Scabies - transmission
1, the direct infection
Directly with patients carrying scabies mites or animal infected after contact with the disease, is an important way to spread scabies. General home or unit, dormitory of scabies in patients after the others re-infection scabies are the way to the transmission of a highly infected population wide, adults, children, pregnant women, babies can be infected with scabies, all industries can lead to scabies spread of the disease, doctors, nurses, teachers, students, workers, civil servants, etc., occurred before the liberation of the poor living conditions in rural areas, raise the level of modern life, a lot of people and medical workers have neglected the occurrence and development of the disease, while the large urban migrants tended to increase.

2, indirect infection
Through indirect contact with scabies patients clothing, supplies, patients come into contact with furniture, goods and other infection, the most severe scabies spread strong enough to (scabies patients to take the money by other human contact are affected by scabies, bus scabies were arrested contact with other people over the railing will be infected with scabies), but a lot of people living with scabies patients without the disease, mainly related to the body's own immune system has a great influence. Incidence of scabies in patients with reduced immunity occurred in the case of their own.

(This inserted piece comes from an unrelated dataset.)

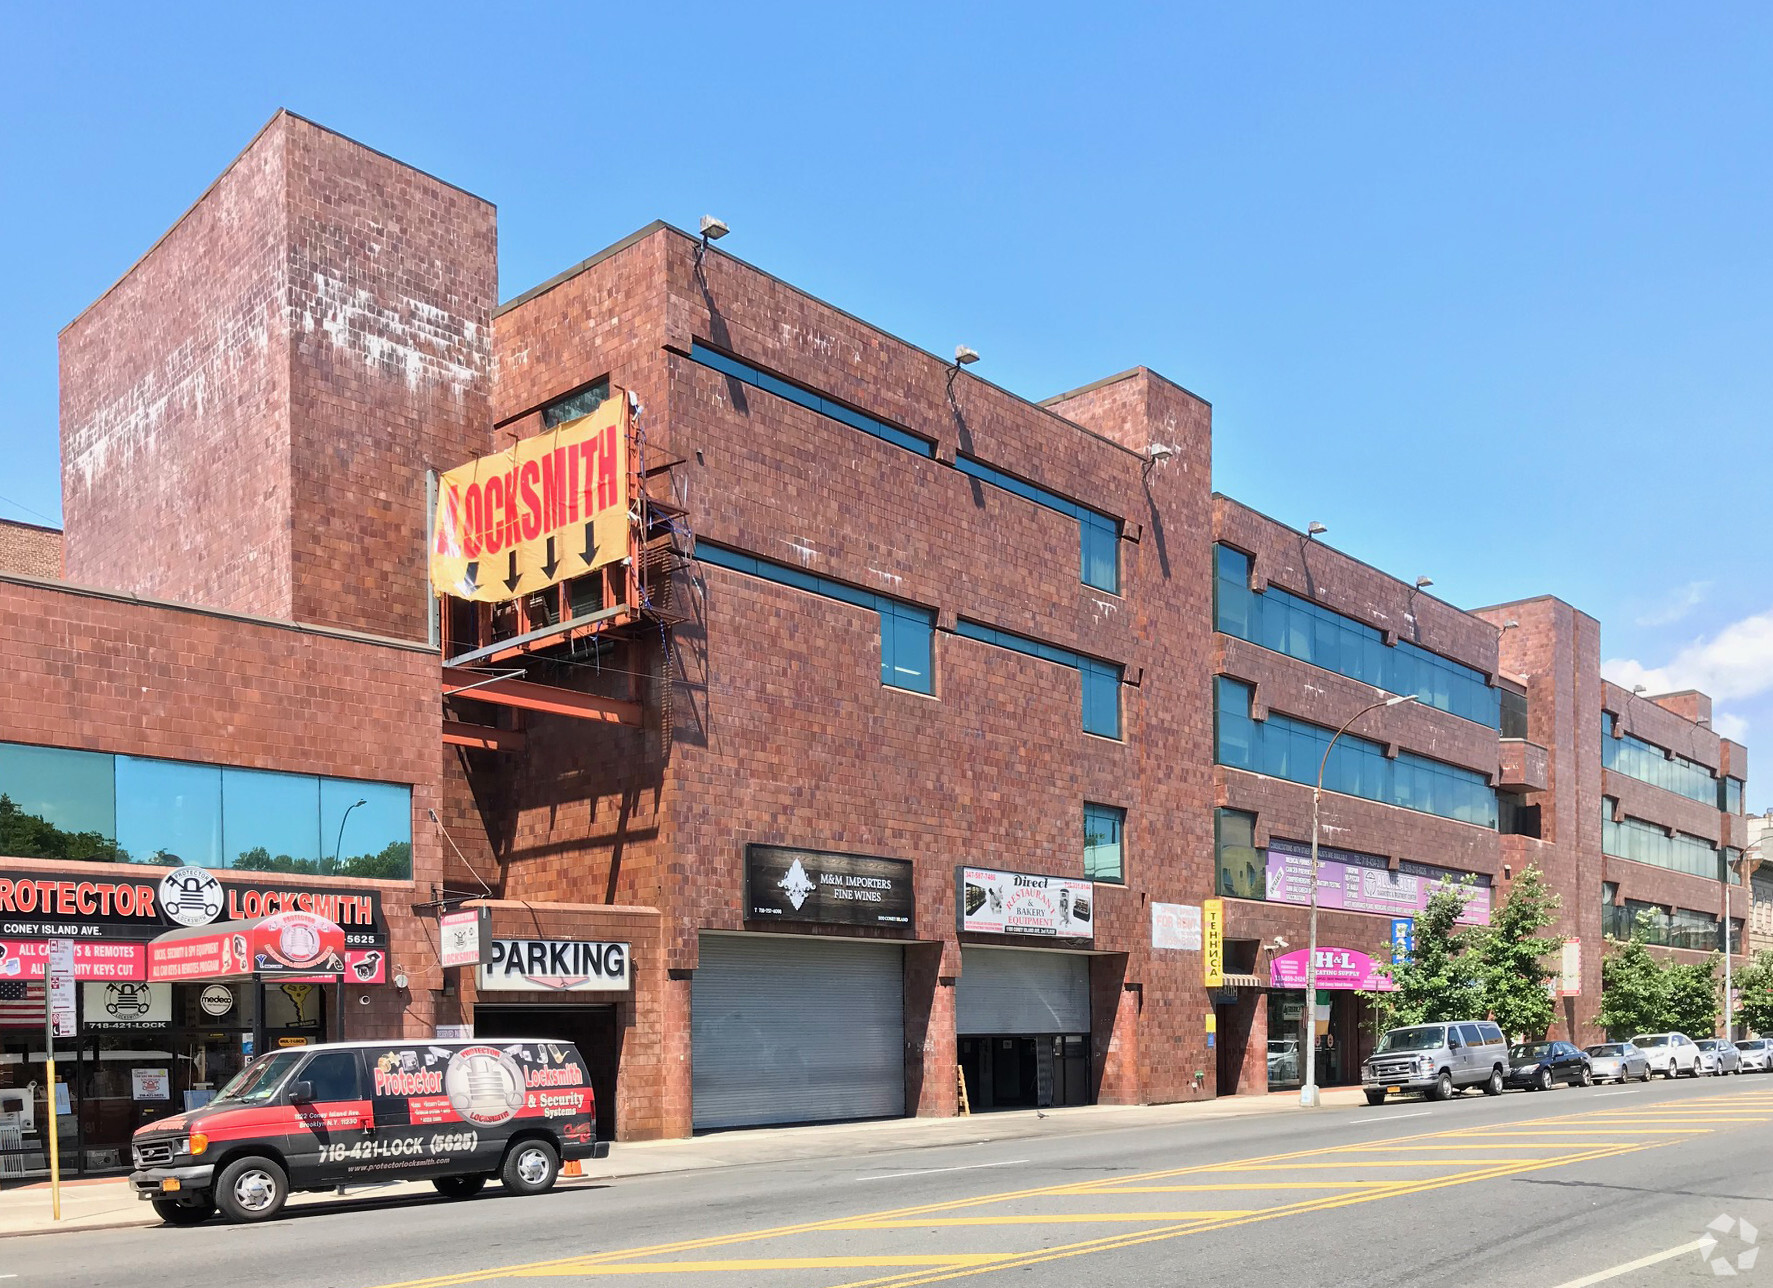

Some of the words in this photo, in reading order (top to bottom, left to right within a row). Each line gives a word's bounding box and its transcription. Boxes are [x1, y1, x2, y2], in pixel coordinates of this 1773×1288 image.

Scabies - susceptible parts of the
Scabies mites tend to invade the fingers, wrists in front, Zhouye front, areola, female breast, the external genitalia, groin, inner thighs, lower back, buttocks and other parts of the skin soft.Scabies - pathogenesis
The formation of scabies scabies damage is caused by pregnant female scabies mites tunnel, itchy red papules Department larvae bore into the skin and directly due to the formation of blisters and pustules of scabies mites may be deposited in the cortical layer of the excretion of the table material as a substance acting on the epidermis and dermis capillaries due. Eczema-like reactions also increased from scabies mites and their products cause hypersensitivity, which means that the skin lesions of scabies scabies mite by direct or indirect effects caused by waste.

Scabies - the type of disease
Scabies 1. Adult scabies: The main symptoms are itching, red papules, Qiu herpes small blisters, tunnels, nodules and scarring.

2. Scabies elderly: severe itching of scabies mites response is weak, so no significant inflammatory response. Back common.

3. Infants and young children scabies; difficult to find tunnels and scabies mites, be rash not typical form, the head and face, pale and light in the tunnel, subtle, such as linear, mild inflammation and pink base, easily hydrated with disease, and easy to get a glimpse through the insect cuticle-point, white dot-like processes.

4. Nodular scabies: more common in the scrotum, buttocks, abdomen and thigh. Reddish brown to the festival, itching, a few months to 1 year or more before dissipating.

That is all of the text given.